TAMPA, Fla. —The $79-million FiCare FCU here filed a lawsuit against Fiserv Tuesday, alleging Fiserv failed to secure its online banking platform, Virtual Branch Next, and then attempted to charge additional fees mid-contract for security measures the credit union contends were already required under the parties’ agreement, NERKO PLLC reported.
"The lawsuit follows earlier reporting on disputes between financial institutions and Fiserv over cybersecurity. Unlike prior cases that focused on alleged misrepresentations about existing security controls, this case centers on what the credit union describes as a different tactic: withdrawing security functionality mid-contract and requiring financial institutions to pay for a replacement marketed as a security 'upgrade,'” NERKO PLLC said.

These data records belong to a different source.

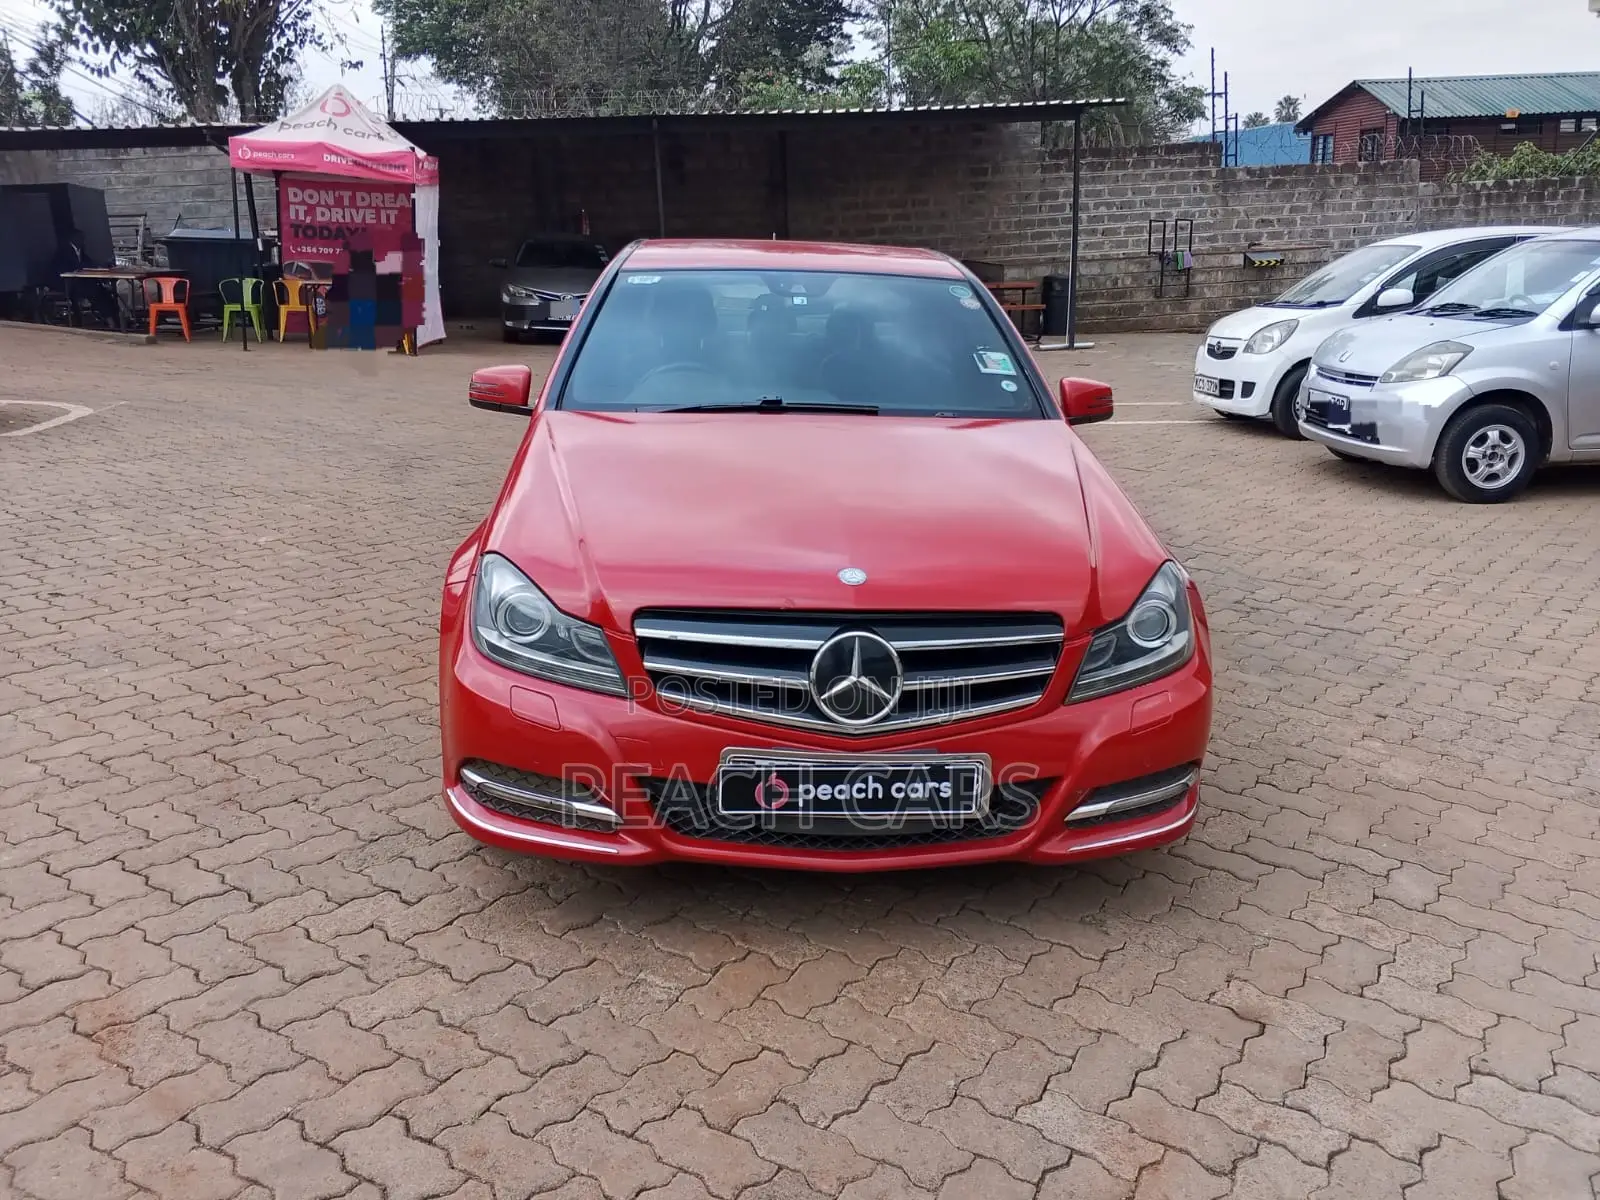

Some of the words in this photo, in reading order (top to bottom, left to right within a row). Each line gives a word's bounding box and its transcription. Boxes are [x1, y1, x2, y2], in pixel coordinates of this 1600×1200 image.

[279, 118, 338, 132] peach
[253, 150, 277, 160] peach
[287, 187, 352, 207] DON'T
[355, 191, 413, 208] DREA
[289, 204, 312, 223] IT,
[316, 206, 377, 224] DRIVE
[380, 209, 399, 225] IT
[798, 775, 883, 807] peach
[890, 780, 952, 799] cars

According to the complaint, the credit union used Fiserv’s Virtual Branch Next and experienced repeated account takeovers and fraud losses. The credit union reimbursed affected consumers and raised security concerns with Fiserv. The complaint alleges that Fiserv did not implement possession-based multi-factor authentication as required by Fiserv’s contract and applicable federal standards, NERKO PLLC said.
"In December 2025, Fiserv issued what it called an 'Enhanced Authentication Product Sunset Notice,' stating that it would discontinue 'Enhanced Authentication' for Virtual Branch Next effective May 31, 2026, and that financial institutions must sign a new agreement by March 2, 2026 to receive a replacement service marketed as 'SecureNow.'
The complaint alleges that SecureNow "is not an ‘upgrade' but a 'mid-contract shake-down,'" and that SecureNow does not address the root cause of online-banking account takeovers, leaving financial institutions exposed to hackers, NERKO PLLC reported.

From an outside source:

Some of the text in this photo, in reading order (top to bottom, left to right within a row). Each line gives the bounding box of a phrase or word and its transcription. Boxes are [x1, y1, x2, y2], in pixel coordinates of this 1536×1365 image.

“FiCare takes the protection of its members very seriously. The credit union reimbursed members who reported online banking fraud losses and is taking appropriate legal action against Fiserv, the provider of its online-banking system. FiCare strongly disagrees with Fiserv’s recent decision to withdraw certain existing online banking security features mid-contract and then require financial institutions to pay for a replacement marketed as ‘SecureNow’ under new terms and higher pricing. Security should not become a mid-contract upsell,” stated Charles Nerko, managing partner, NERKO PLLC, and lead counsel to FiCare FCU.
NERKO PLLC said FiCare seeks monetary damages and a court order that it has no obligation to purchase “SecureNow” from Fiserv, and no obligation to pay Fiserv’s early-termination and deconversion fees.